TASK INPUTS section start

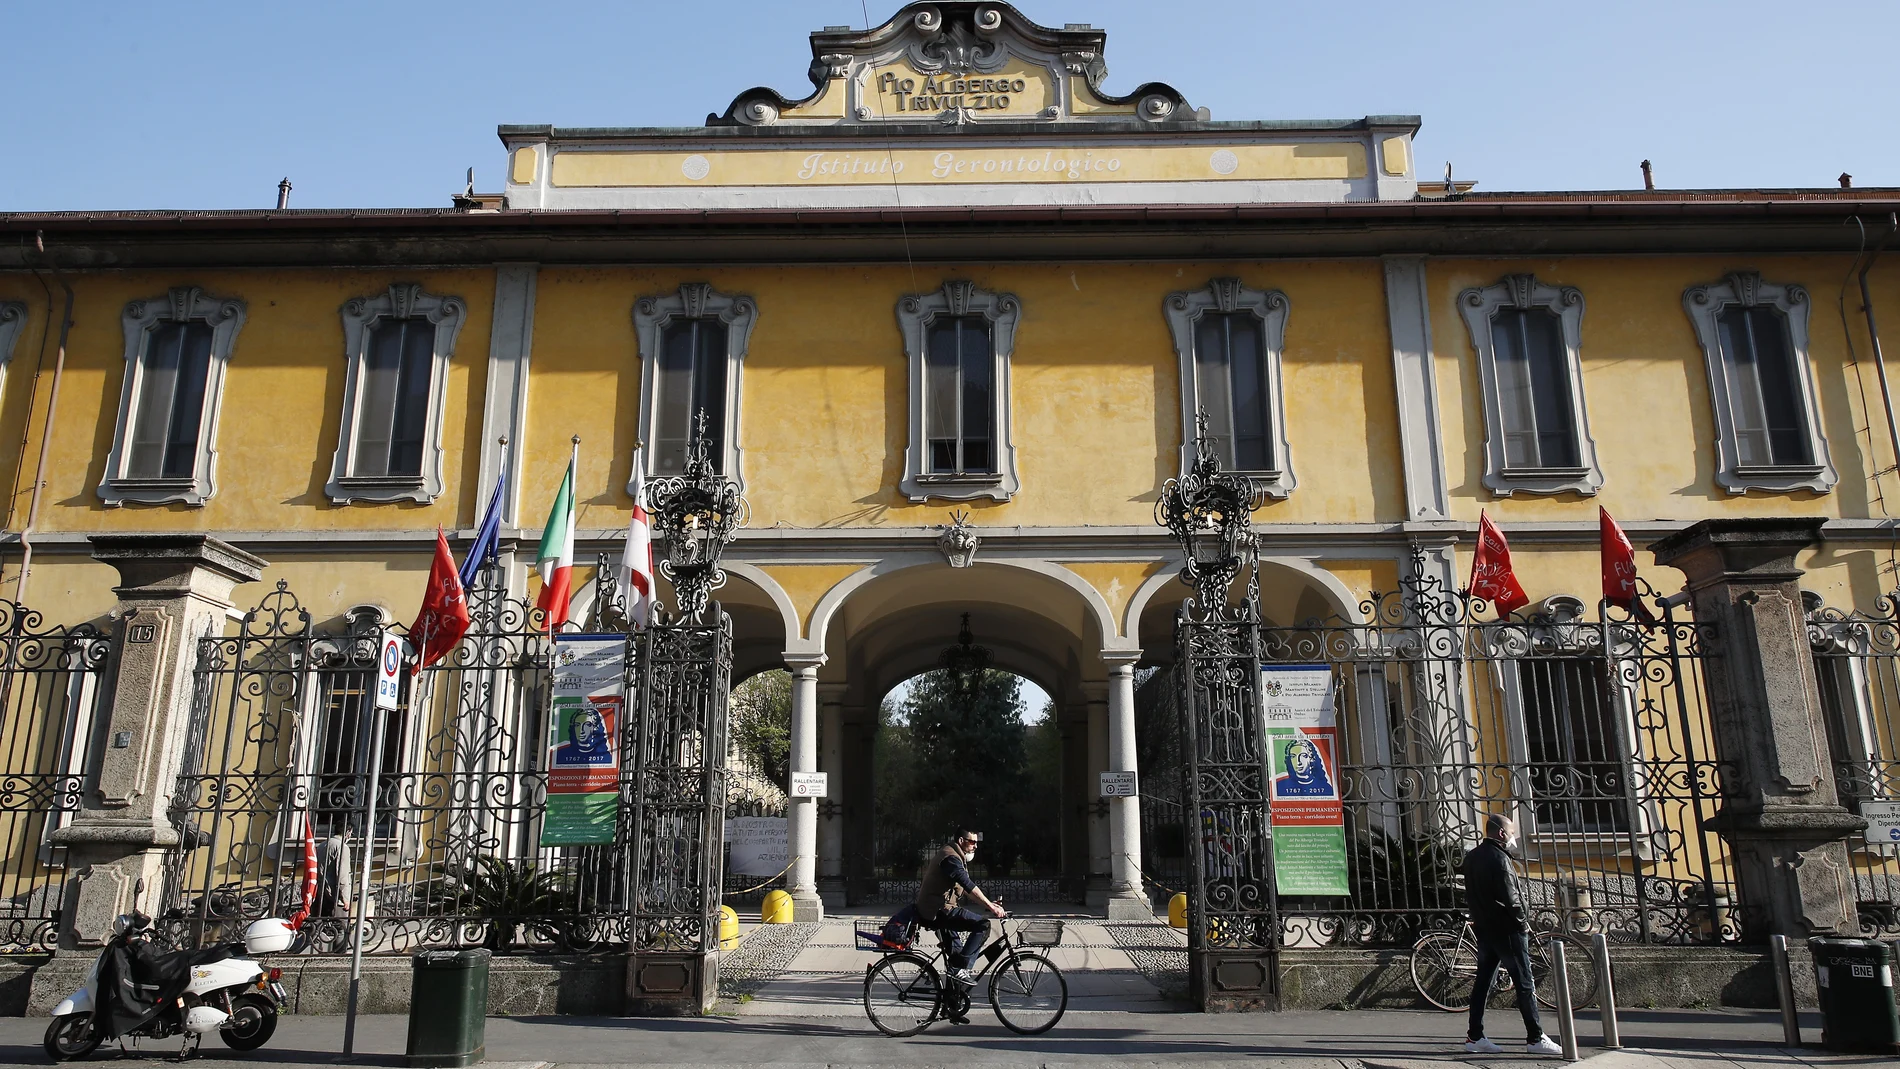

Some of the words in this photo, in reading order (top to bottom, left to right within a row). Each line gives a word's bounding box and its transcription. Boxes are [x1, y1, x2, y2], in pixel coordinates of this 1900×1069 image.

[880, 71, 915, 95] PIO
[922, 75, 1026, 96] ALBERGO
[896, 90, 1011, 110] TRIVULZIO
[797, 152, 904, 180] Istituto
[931, 152, 1121, 179] Gerontologico
[1484, 535, 1501, 551] CGIL
[136, 626, 152, 640] 15
[1853, 966, 1873, 977] BNE

TASK INPUTS section end

### [YOUR OBJECTIVE]
Please copy every entry exactly, without the pictures.

### [ANSWER BOX]
Some of the words in this photo, in reading order (top to bottom, left to right within a row). Each line gives a word's bounding box and its transcription. Boxes are [x1, y1, x2, y2], in pixel coordinates of this 1900×1069 image.

[880, 71, 915, 95] PIO
[922, 75, 1026, 96] ALBERGO
[896, 90, 1011, 110] TRIVULZIO
[797, 152, 904, 180] Istituto
[931, 152, 1121, 179] Gerontologico
[1484, 535, 1501, 551] CGIL
[136, 626, 152, 640] 15
[1853, 966, 1873, 977] BNE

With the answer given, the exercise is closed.